--- Records shown Enclosed Below ---
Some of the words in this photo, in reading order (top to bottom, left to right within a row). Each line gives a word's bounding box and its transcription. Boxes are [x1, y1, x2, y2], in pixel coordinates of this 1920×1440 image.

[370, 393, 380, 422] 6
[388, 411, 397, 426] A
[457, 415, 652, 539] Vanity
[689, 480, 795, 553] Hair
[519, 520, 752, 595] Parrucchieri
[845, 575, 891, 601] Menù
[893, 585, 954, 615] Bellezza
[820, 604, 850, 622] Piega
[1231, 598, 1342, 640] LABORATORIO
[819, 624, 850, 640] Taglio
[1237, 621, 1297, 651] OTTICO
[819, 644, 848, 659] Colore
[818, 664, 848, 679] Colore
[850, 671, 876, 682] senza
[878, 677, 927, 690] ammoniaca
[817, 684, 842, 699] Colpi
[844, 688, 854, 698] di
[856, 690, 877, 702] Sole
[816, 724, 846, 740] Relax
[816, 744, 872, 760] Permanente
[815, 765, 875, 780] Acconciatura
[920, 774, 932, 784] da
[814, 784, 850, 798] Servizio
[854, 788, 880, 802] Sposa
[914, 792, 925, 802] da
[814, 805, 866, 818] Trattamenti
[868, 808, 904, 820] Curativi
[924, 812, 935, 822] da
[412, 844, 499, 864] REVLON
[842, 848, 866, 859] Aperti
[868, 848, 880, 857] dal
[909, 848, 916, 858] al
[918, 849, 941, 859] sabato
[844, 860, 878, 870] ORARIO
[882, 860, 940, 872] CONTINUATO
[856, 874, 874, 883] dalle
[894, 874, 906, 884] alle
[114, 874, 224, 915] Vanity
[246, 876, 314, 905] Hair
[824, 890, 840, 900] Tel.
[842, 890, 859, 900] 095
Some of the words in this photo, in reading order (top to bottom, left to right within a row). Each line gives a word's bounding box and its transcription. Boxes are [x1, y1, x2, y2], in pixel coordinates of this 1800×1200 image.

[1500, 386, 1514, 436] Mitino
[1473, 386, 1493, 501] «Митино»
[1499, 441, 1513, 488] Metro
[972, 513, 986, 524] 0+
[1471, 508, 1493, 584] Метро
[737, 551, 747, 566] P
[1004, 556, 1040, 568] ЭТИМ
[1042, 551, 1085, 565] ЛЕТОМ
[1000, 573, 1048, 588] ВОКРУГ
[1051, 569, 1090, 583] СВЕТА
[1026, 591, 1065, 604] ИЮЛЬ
--- End of Enclosed Records shown ---
What the task requires
Please print out every record exactly as it is written.

Response box
Some of the words in this photo, in reading order (top to bottom, left to right within a row). Each line gives a word's bounding box and its transcription. Boxes are [x1, y1, x2, y2], in pixel coordinates of this 1920×1440 image.

[370, 393, 380, 422] 6
[388, 411, 397, 426] A
[457, 415, 652, 539] Vanity
[689, 480, 795, 553] Hair
[519, 520, 752, 595] Parrucchieri
[845, 575, 891, 601] Menù
[893, 585, 954, 615] Bellezza
[820, 604, 850, 622] Piega
[1231, 598, 1342, 640] LABORATORIO
[819, 624, 850, 640] Taglio
[1237, 621, 1297, 651] OTTICO
[819, 644, 848, 659] Colore
[818, 664, 848, 679] Colore
[850, 671, 876, 682] senza
[878, 677, 927, 690] ammoniaca
[817, 684, 842, 699] Colpi
[844, 688, 854, 698] di
[856, 690, 877, 702] Sole
[816, 724, 846, 740] Relax
[816, 744, 872, 760] Permanente
[815, 765, 875, 780] Acconciatura
[920, 774, 932, 784] da
[814, 784, 850, 798] Servizio
[854, 788, 880, 802] Sposa
[914, 792, 925, 802] da
[814, 805, 866, 818] Trattamenti
[868, 808, 904, 820] Curativi
[924, 812, 935, 822] da
[412, 844, 499, 864] REVLON
[842, 848, 866, 859] Aperti
[868, 848, 880, 857] dal
[909, 848, 916, 858] al
[918, 849, 941, 859] sabato
[844, 860, 878, 870] ORARIO
[882, 860, 940, 872] CONTINUATO
[856, 874, 874, 883] dalle
[894, 874, 906, 884] alle
[114, 874, 224, 915] Vanity
[246, 876, 314, 905] Hair
[824, 890, 840, 900] Tel.
[842, 890, 859, 900] 095
Some of the words in this photo, in reading order (top to bottom, left to right within a row). Each line gives a word's bounding box and its transcription. Boxes are [x1, y1, x2, y2], in pixel coordinates of this 1800×1200 image.

[1500, 386, 1514, 436] Mitino
[1473, 386, 1493, 501] «Митино»
[1499, 441, 1513, 488] Metro
[972, 513, 986, 524] 0+
[1471, 508, 1493, 584] Метро
[737, 551, 747, 566] P
[1004, 556, 1040, 568] ЭТИМ
[1042, 551, 1085, 565] ЛЕТОМ
[1000, 573, 1048, 588] ВОКРУГ
[1051, 569, 1090, 583] СВЕТА
[1026, 591, 1065, 604] ИЮЛЬ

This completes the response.